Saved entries
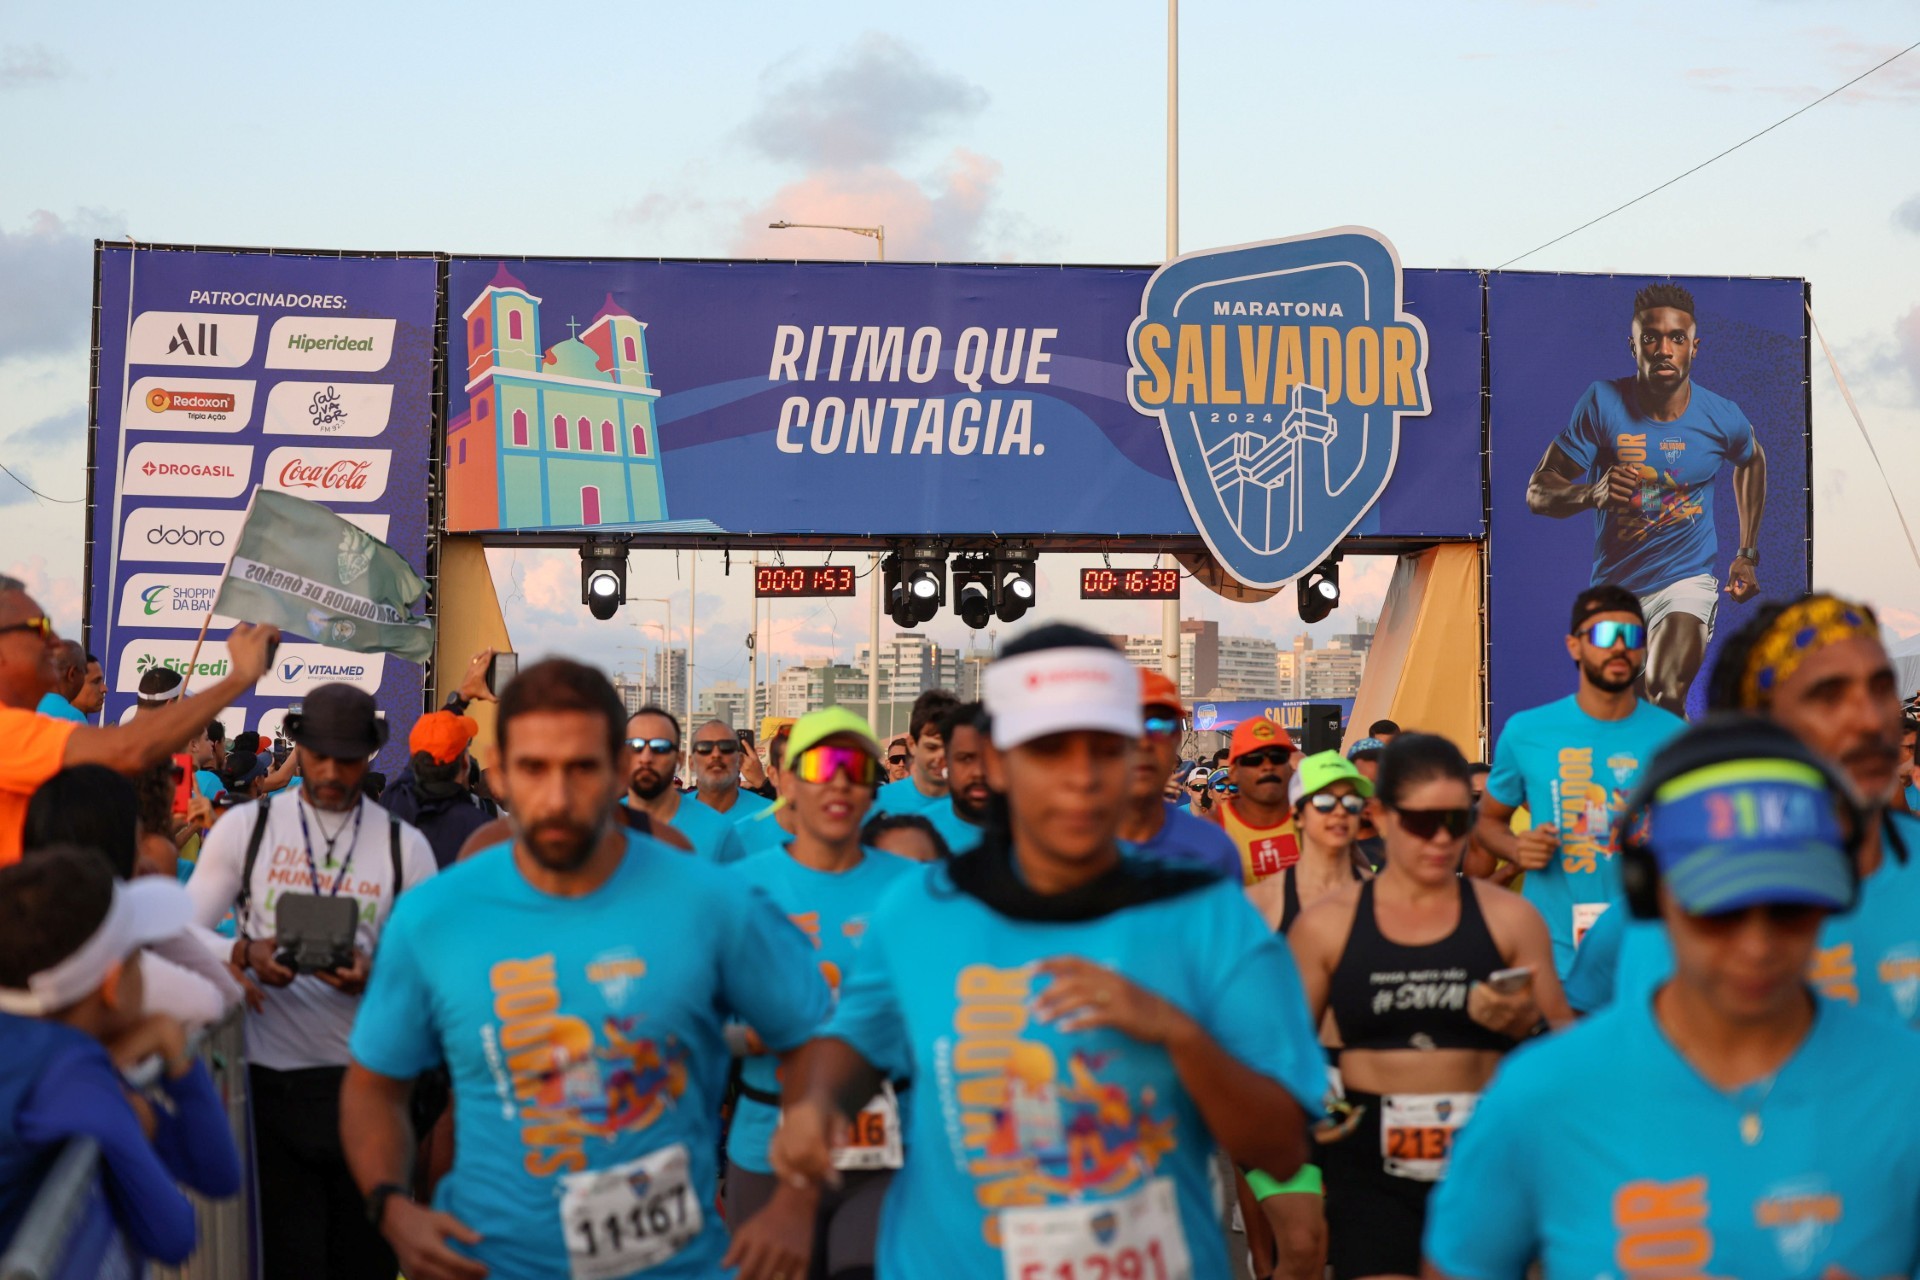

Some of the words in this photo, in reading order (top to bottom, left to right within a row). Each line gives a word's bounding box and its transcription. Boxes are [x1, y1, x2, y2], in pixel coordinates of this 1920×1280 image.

[189, 290, 347, 309] PATROCINADORES:
[1213, 301, 1344, 318] MARATONA
[288, 334, 374, 353] Hiperideal
[768, 325, 941, 384] RITMO
[954, 327, 1058, 393] QUE
[1138, 322, 1418, 407] SALVADOR
[173, 395, 229, 408] Redoxon
[187, 412, 207, 421] Tripla
[207, 412, 227, 421] Ação
[776, 396, 1046, 456] CONTAGIA.
[1210, 411, 1274, 424] 2024
[158, 464, 235, 477] DROGASIL
[279, 458, 373, 490] Coca-Cola
[147, 524, 225, 547] dobro
[758, 569, 851, 591] 00:01:53
[1084, 571, 1177, 592] 00:16:38
[173, 587, 216, 599] SHOPPIN
[172, 598, 190, 611] DA
[163, 657, 228, 676] Sicredi
[308, 664, 365, 676] VITALMED
[1264, 707, 1303, 728] SALVA
[358, 881, 381, 899] DA
[576, 1182, 687, 1257] 11167
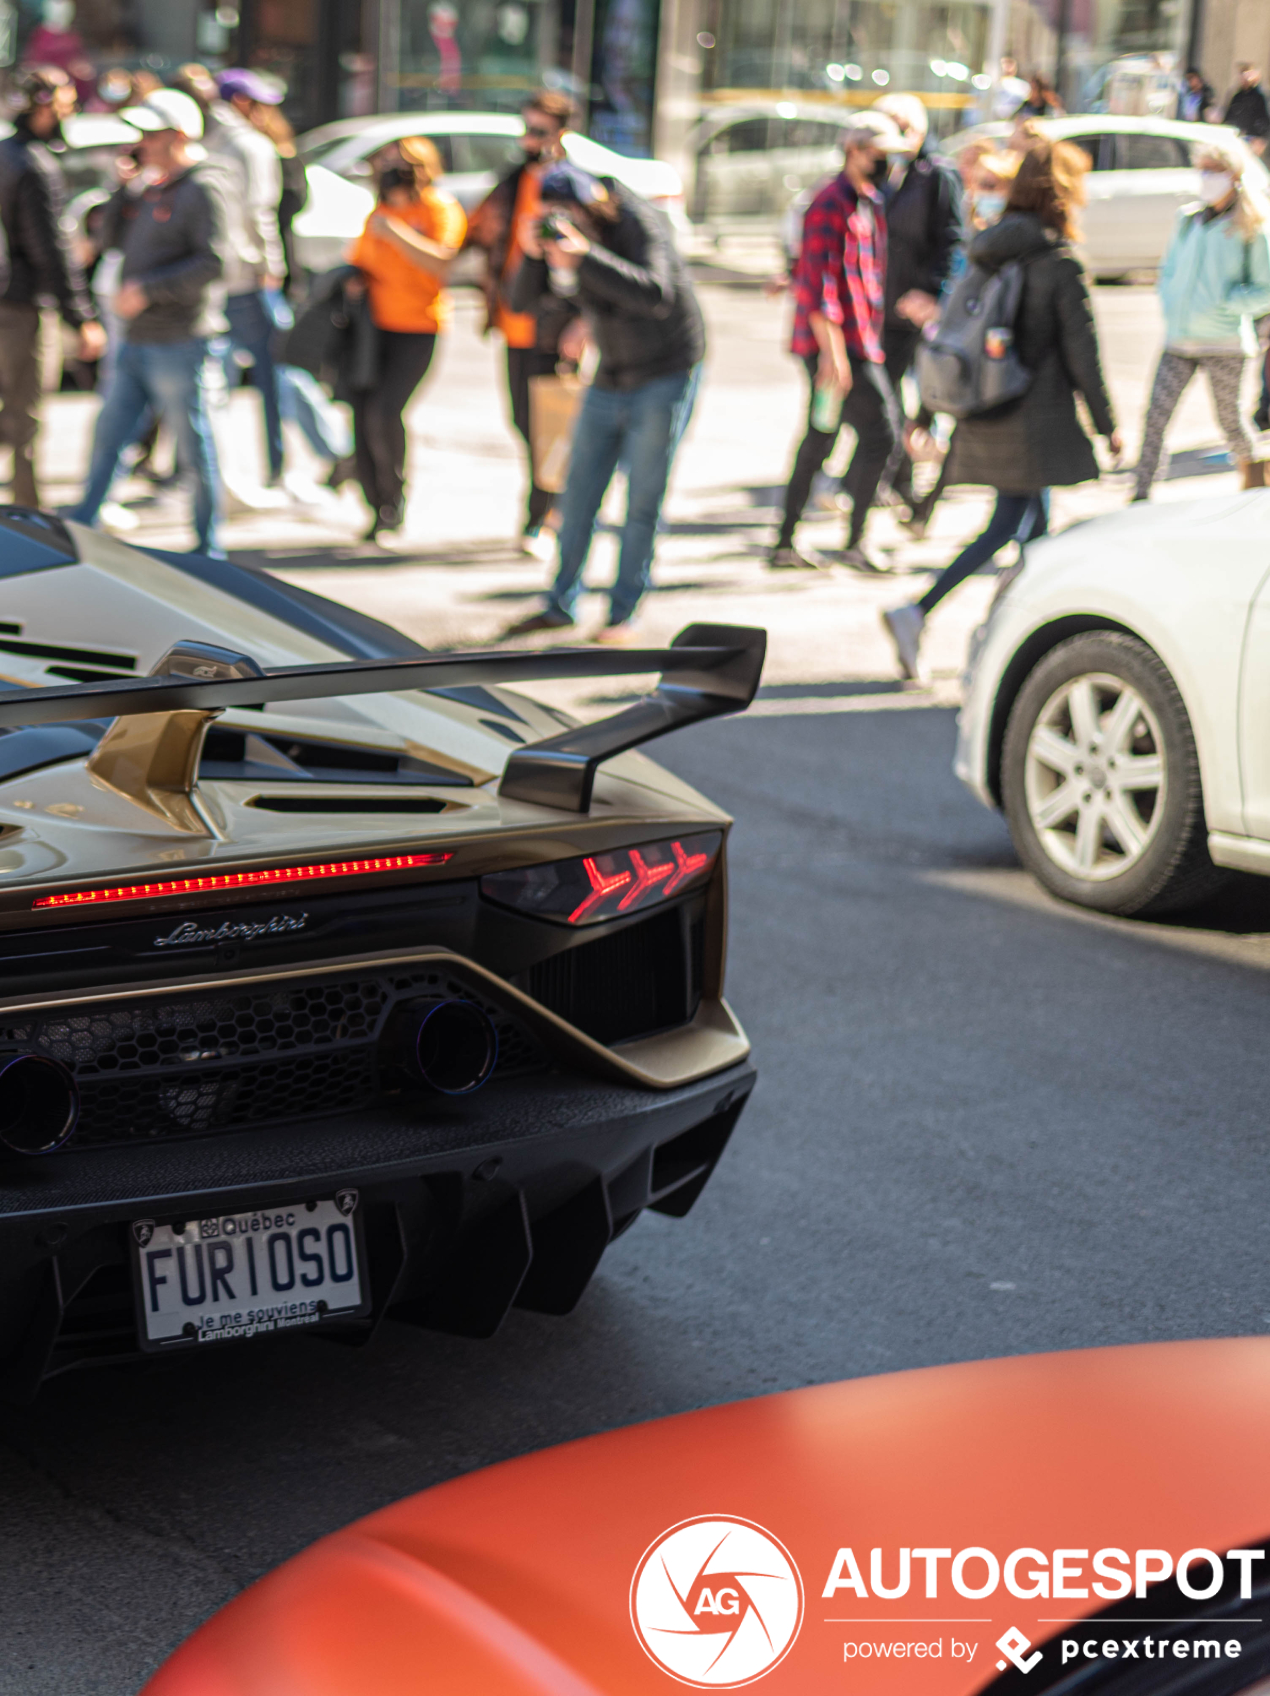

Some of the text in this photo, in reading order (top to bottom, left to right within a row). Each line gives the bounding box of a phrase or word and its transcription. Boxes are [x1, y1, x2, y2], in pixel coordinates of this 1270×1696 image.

[154, 911, 309, 946] Lamborghini
[222, 1212, 296, 1236] Québec
[146, 1222, 354, 1312] FURIOSO
[196, 1300, 317, 1330] Je me souviens
[198, 1312, 319, 1342] Lamborghini Montréal
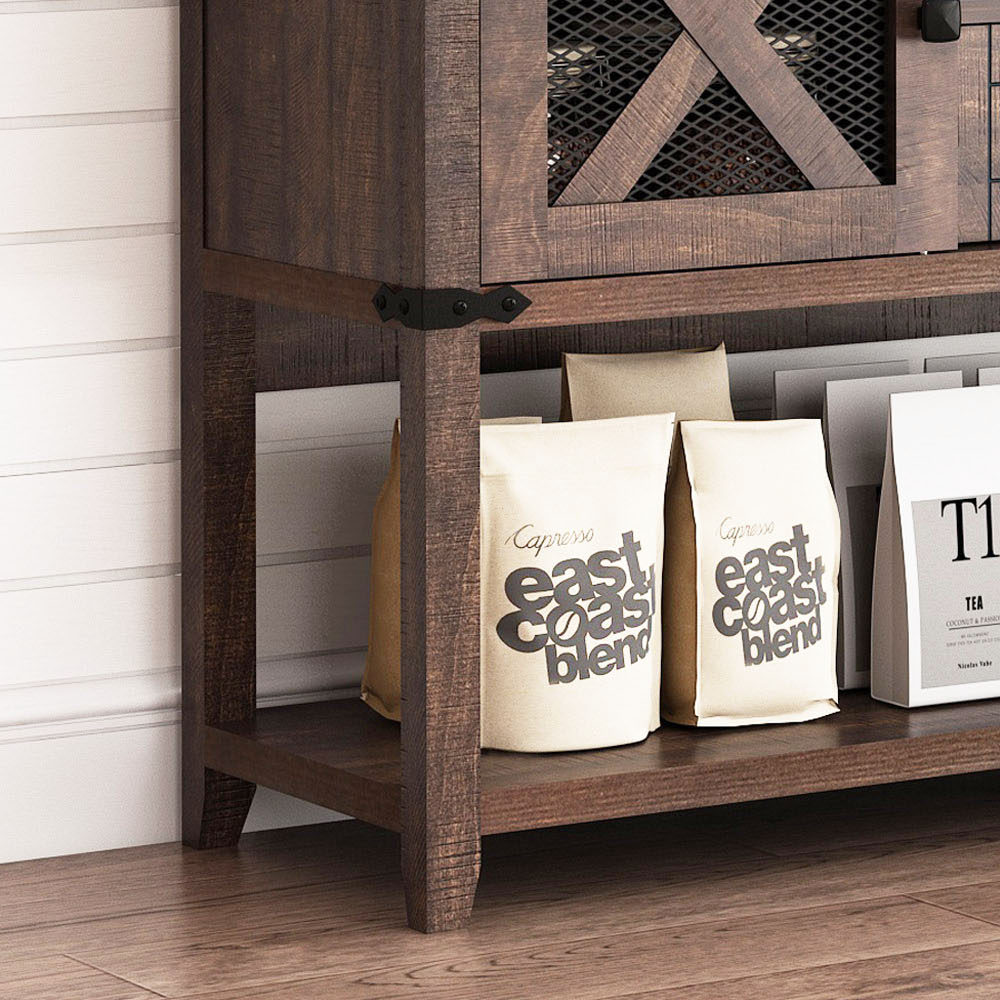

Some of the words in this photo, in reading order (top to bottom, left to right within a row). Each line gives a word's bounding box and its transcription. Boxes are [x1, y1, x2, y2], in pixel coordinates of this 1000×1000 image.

[504, 523, 594, 558] Capresso
[715, 523, 811, 598] east
[941, 494, 1000, 562] T1
[504, 530, 643, 612] east
[712, 555, 827, 637] coast
[965, 595, 984, 612] TEA
[545, 615, 653, 685] blend
[741, 603, 822, 667] blend

> What is required: Could the entries above be written out word for word, with no pictures?

> Result for this exercise:
Some of the words in this photo, in reading order (top to bottom, left to right within a row). Each line gives a word's bounding box and its transcription. Boxes are [x1, y1, x2, y2], in pixel coordinates of this 1920×1280 image.

[189, 290, 347, 309] PATROCINADORES:
[1213, 301, 1344, 318] MARATONA
[288, 334, 374, 353] Hiperideal
[768, 325, 941, 384] RITMO
[954, 327, 1058, 393] QUE
[1138, 322, 1418, 407] SALVADOR
[173, 395, 229, 408] Redoxon
[187, 412, 207, 421] Tripla
[207, 412, 227, 421] Ação
[776, 396, 1046, 456] CONTAGIA.
[1210, 411, 1274, 424] 2024
[158, 464, 235, 477] DROGASIL
[279, 458, 373, 490] Coca-Cola
[147, 524, 225, 547] dobro
[758, 569, 851, 591] 00:01:53
[1084, 571, 1177, 592] 00:16:38
[173, 587, 216, 599] SHOPPIN
[172, 598, 190, 611] DA
[163, 657, 228, 676] Sicredi
[308, 664, 365, 676] VITALMED
[1264, 707, 1303, 728] SALVA
[358, 881, 381, 899] DA
[576, 1182, 687, 1257] 11167

Some of the text in this photo, in reading order (top to bottom, left to right within a row). Each line gives the bounding box of a phrase or word and its transcription. Boxes are [x1, y1, x2, y2], in pixel coordinates of this 1270×1696 image.

[154, 911, 309, 946] Lamborghini
[222, 1212, 296, 1236] Québec
[146, 1222, 354, 1312] FURIOSO
[196, 1300, 317, 1330] Je me souviens
[198, 1312, 319, 1342] Lamborghini Montréal

Some of the words in this photo, in reading order (top to bottom, left to right within a row). Each line gives a word's bounding box and its transcription. Boxes are [x1, y1, x2, y2], in pixel coordinates of this 1000×1000 image.

[504, 523, 594, 558] Capresso
[715, 523, 811, 598] east
[941, 494, 1000, 562] T1
[504, 530, 643, 612] east
[712, 555, 827, 637] coast
[965, 595, 984, 612] TEA
[545, 615, 653, 685] blend
[741, 603, 822, 667] blend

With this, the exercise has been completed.